→ THE INPUT
────

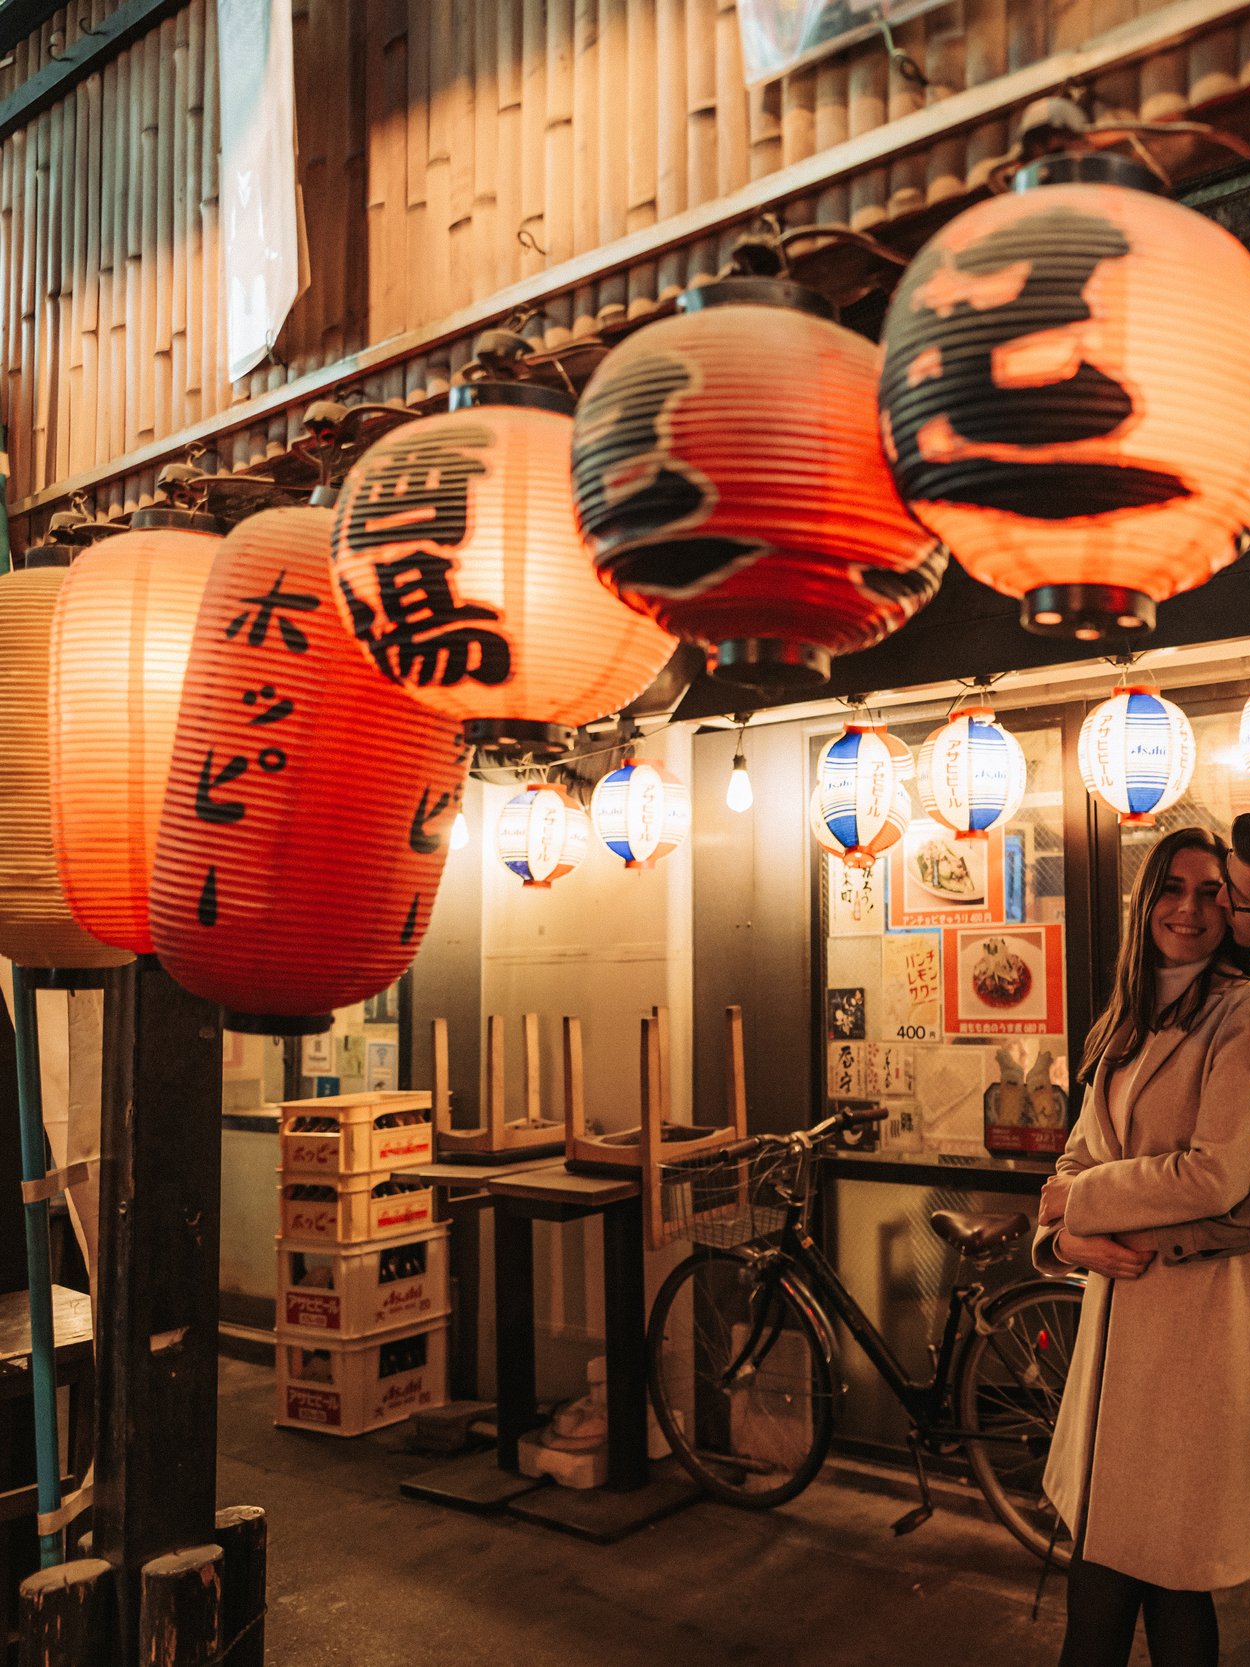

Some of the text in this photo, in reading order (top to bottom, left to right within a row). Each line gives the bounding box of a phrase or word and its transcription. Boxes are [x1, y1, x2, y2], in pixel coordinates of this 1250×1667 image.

[195, 569, 320, 928] ホッピー
[946, 739, 963, 809] アサヒビール
[1099, 714, 1115, 787] アサヒビール
[1130, 744, 1167, 756] Asahi
[897, 1026, 926, 1039] 400
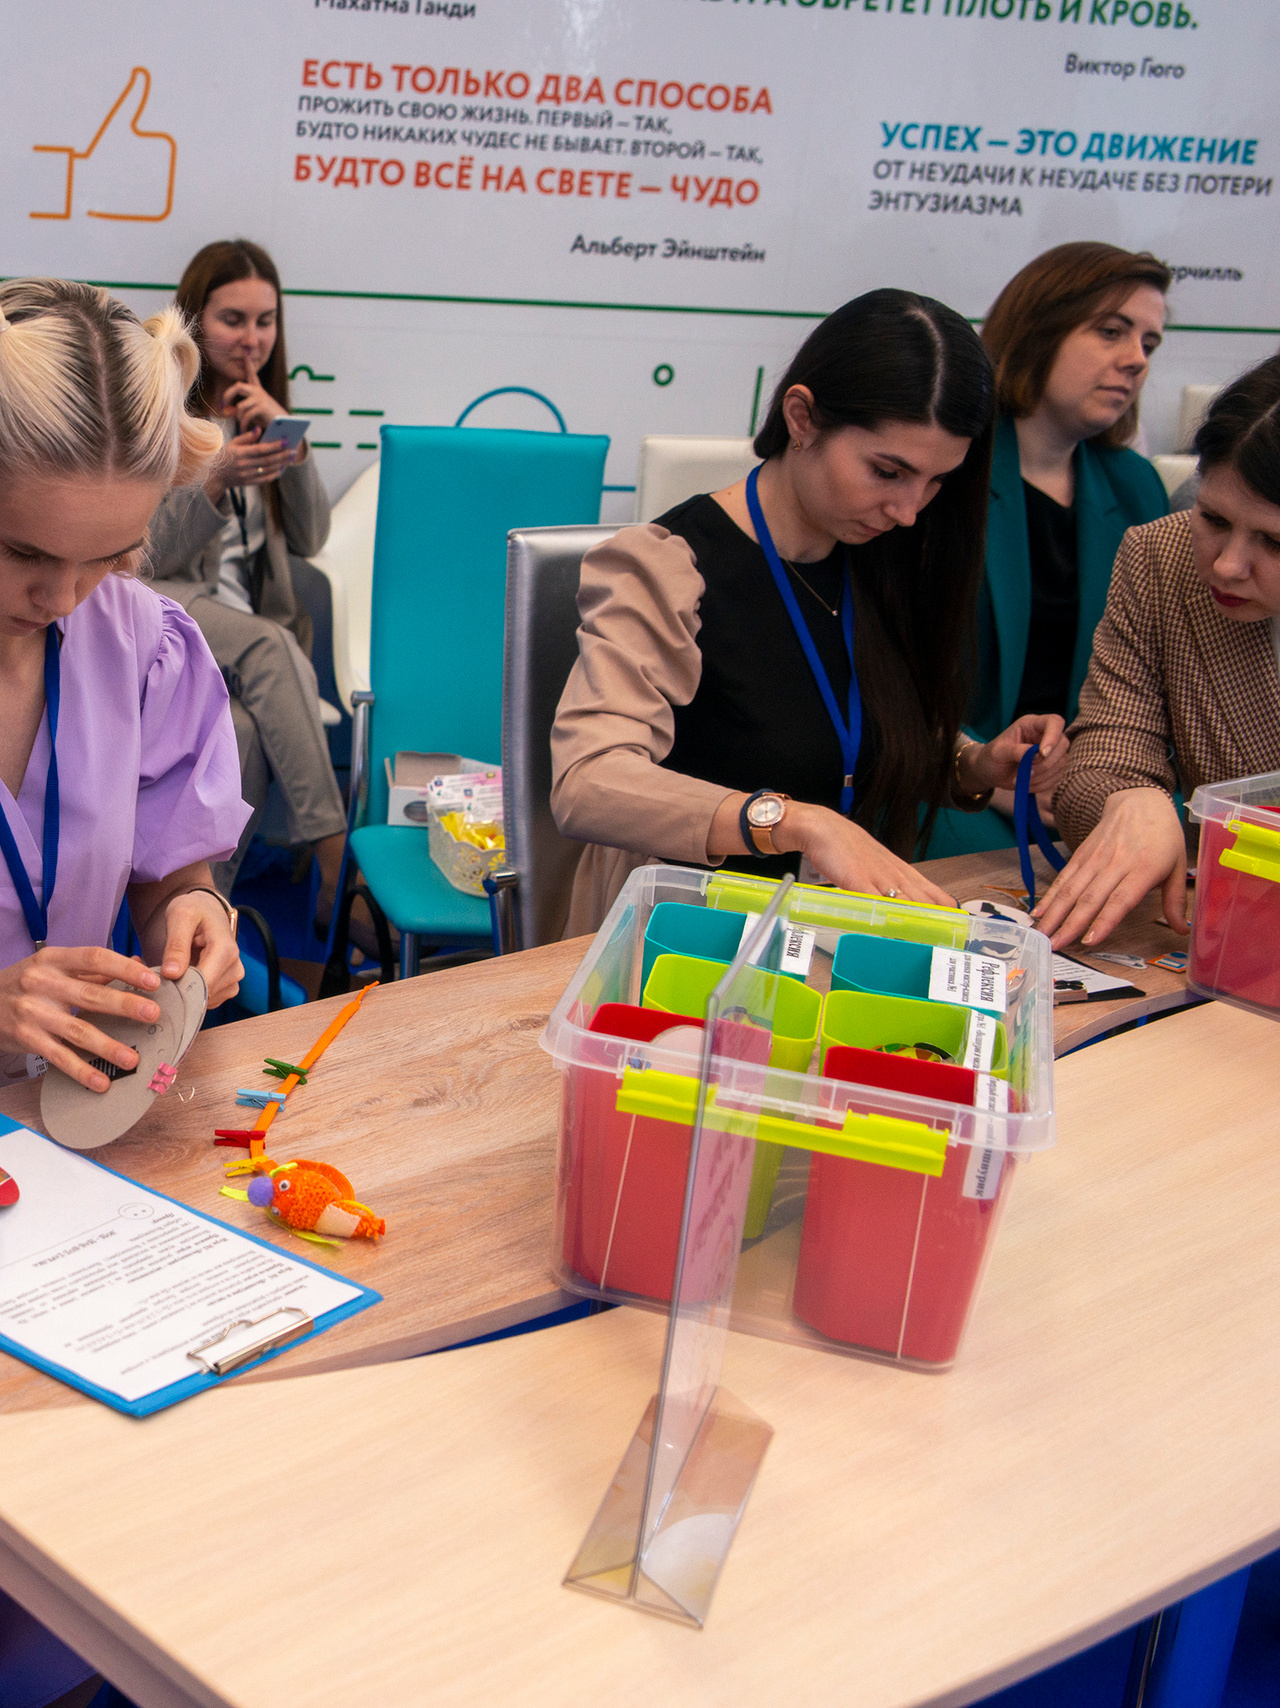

────

→ EXERCISE INSTRUCTIONS
Transcribe each line above verbatim, with the pictures left out.

→ OUTPUT BELOW
Some of the text in this photo, in reading order (top to bottom, left to right within a row). Each line gives the bounding box of a phrase or word and its transcription. Boxes are [x1, y1, x2, y2], in pixel coordinates of this 1250×1667 image.

[195, 569, 320, 928] ホッピー
[946, 739, 963, 809] アサヒビール
[1099, 714, 1115, 787] アサヒビール
[1130, 744, 1167, 756] Asahi
[897, 1026, 926, 1039] 400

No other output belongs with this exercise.